何より、真宵さまの大切な人でいらっしゃいますし」
「だ、だからソレは違うんだって……。ぼくは、そのあの」
「まあ、それはともかく。気を取り直しまして」
 ……取り直さないでくれえ……。
 ダメだ。もう、こうなったら、成り行きに身を任せるしかない。
 正直なところ、何が起こっているのかサッパリ分からないけれど。
 春美ちゃんに言われた通り、ぼくは自分の事務所を、頭の中に思い浮かべた。
 出来るだけ、ハッキリとイメージ出来る所を……。
 目を閉じているうちに、やがて辺りの音が静かになった。
 その静かな闇の中、春美ちゃんの声が響いた。


「今、倉院の里の民・綾里春美の名の下に、我は訴える。
 我らが同朋・成歩堂龍一、その御身をば、送らせ給え。
 成歩堂法律事務所への道を開き給え。
 双つの極の合わさりし時にこそ、世の理は露われる。
 全ては、七支刀のお導きのままに…………!」


「!!!!」
 一瞬、目の前が光ったような気がして、ぼくは目を開いた。



 そこにあった光景に、ぼくは、何度もまばたきを繰り返した。
 円い形に敷きつめられていたはずの黒い砂が――ゆるやかに波打っている。
 とてもじゃないけど、さっきまでの地面だとは思えない。
 どちらかと言えば、地面というよりも、そう…………。
 湖のよう。水面のようだ。
 そんな景色に、呆然としかかっているぼくの横で、春美ちゃんは言った。
「良かった! 出来ました!」
 まるで、生まれて初めて玉子焼きが出来た!みたいな、そんな明るい声で。
「さあ、なるほどくん。

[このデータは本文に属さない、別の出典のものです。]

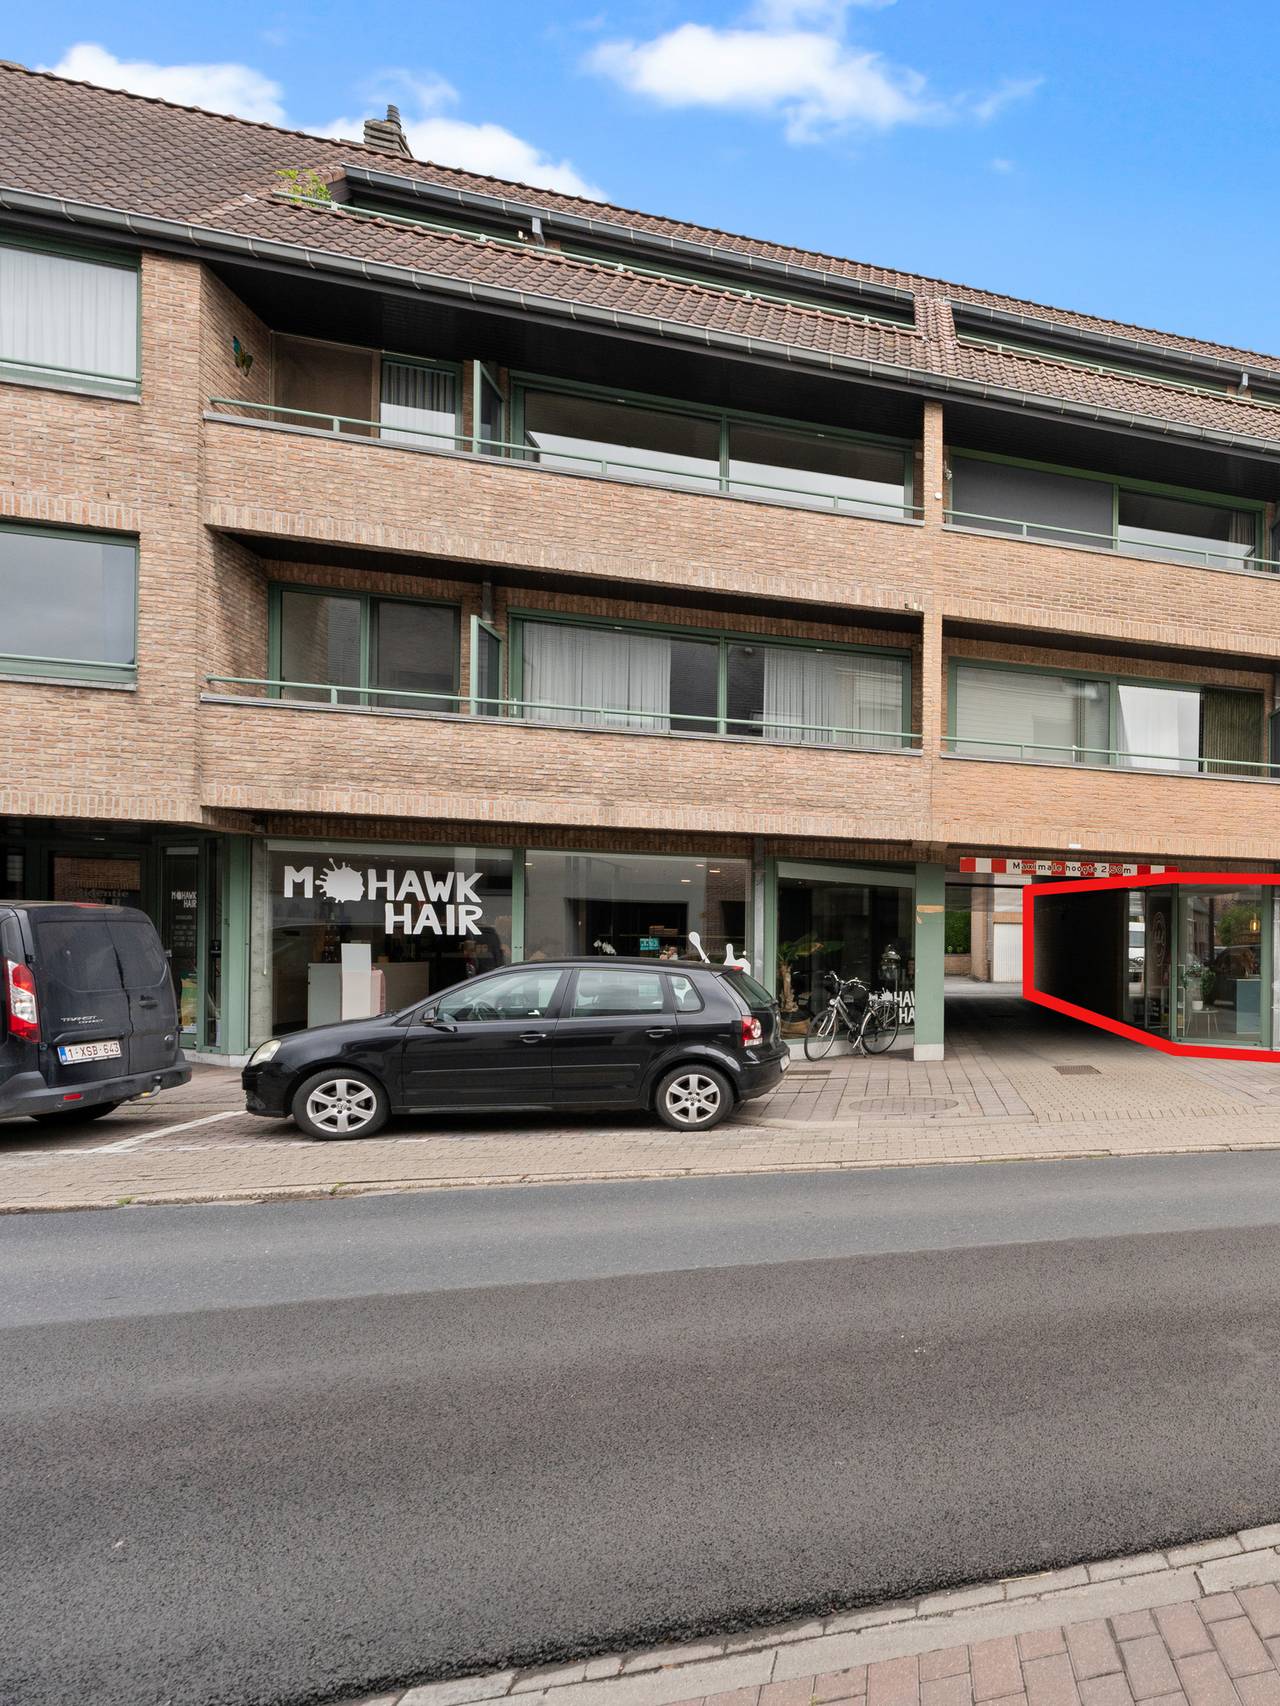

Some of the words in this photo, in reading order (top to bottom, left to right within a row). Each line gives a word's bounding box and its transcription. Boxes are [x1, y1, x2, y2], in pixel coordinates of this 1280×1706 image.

[1012, 862, 1062, 871] Maximale
[1066, 864, 1098, 875] hoogte
[385, 903, 483, 935] HAIR
[898, 1006, 914, 1023] HA
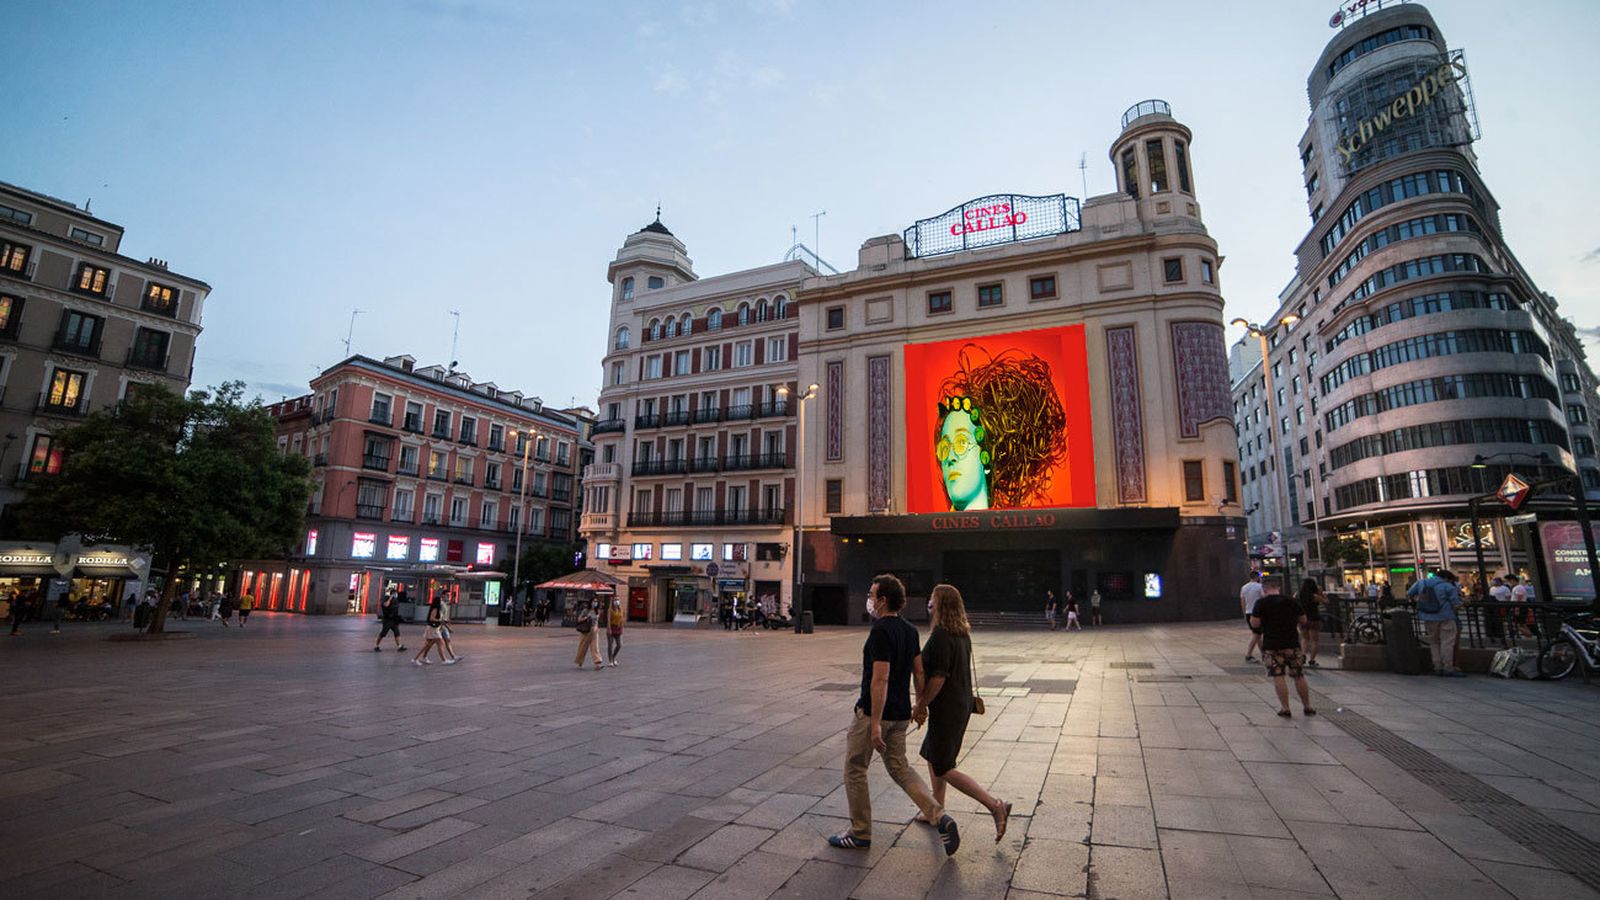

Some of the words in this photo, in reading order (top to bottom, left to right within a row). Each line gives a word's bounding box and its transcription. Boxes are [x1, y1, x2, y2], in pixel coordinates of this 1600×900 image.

[1335, 55, 1467, 164] Schweppes
[965, 203, 1011, 219] CINES
[950, 212, 1027, 236] CALLAO
[932, 516, 979, 529] CINES
[991, 514, 1055, 528] CALLAO
[78, 557, 128, 565] RODILLA

場は整いました。
 心置きなく、行ってらっしゃいませ!」
 ……………………え。
「行くって……どこへ?」
「何をおっしゃいますか。
 お戻りになるのでしょう? その、“じむしょ”という所に」
「う、うん。そのつもりだけど」
「ですから、わたくし、こうして“道”をお作りしました。必ずや、なるほどくんをお送りできるように」
 さあ、どうぞ!
 そう言って、彼女は輝く笑顔で、ぼくを促した。
 とてつもなくアヤシイ感じに波打っている、謎の水面に手を向けて。
 間違いない。彼女は、こう言っているんだ。


『飛び込め』と。


「え、ええと……その……。……ええと」
 どうしよう。
 どう断ったらいいものか、こういう時に限って言葉が出ない。
 法廷での弁論だったら、もっともらしい理屈が幾らでも湧いてくるのに。
「…………如何なさいました? なるほどくん。
 もしやわたくし、何か至らない点でもあったのでしょうか……?」
「あ! いや。そういうわけじゃ……」
 ぼく以上にオロオロとし始めた春美ちゃんに、ぼくは努めて笑ってみせた。
「大丈夫。春美ちゃんは、よくやってくれてるよ」
「本当ですか……?」
「うん。だから、そんな顔しないで」
 行ってやるから。ここから事務所へ。
 ぼくは、黒い砂を区切っているナワに、片足を乗せた。
 もう一方の足を、砂の上に乗せてみると、やっぱり……というべきなのか……沈む。
ずぶずぶと。“水面”に。
 ぼくは、後ろを向いて尋ねた。
「あの。春美ちゃん。念のため訊くけど、本当に大丈夫なんだよね? これ」
「ハイ! モチロンです。…………実際に出来たのは、今日が初めてですが」
「へえ、そう…………。……って」
 えええぇぇぇッ!
「ちょ、ちょっと待った!」
 いくら何でもそんな無責任な――と、異議を申し立てようとした、その時。


 足が滑った。


「うわッ!」
「あッ! なるほどくん!」
 そう叫んだ春美ちゃんの声を後ろに。
 ぼくは、“水面”の下へ落ちて行った。


「痛ッ!」
 ぼくが、“水面”から落ちたのと、どこかの床にぶつかったのは、ほぼ同時の事だった。
 見覚えのある景色を見渡す。
 ドアを開け、その外も確認してから、ぼくは自分が本当に事務所に戻って来ている事を理解した。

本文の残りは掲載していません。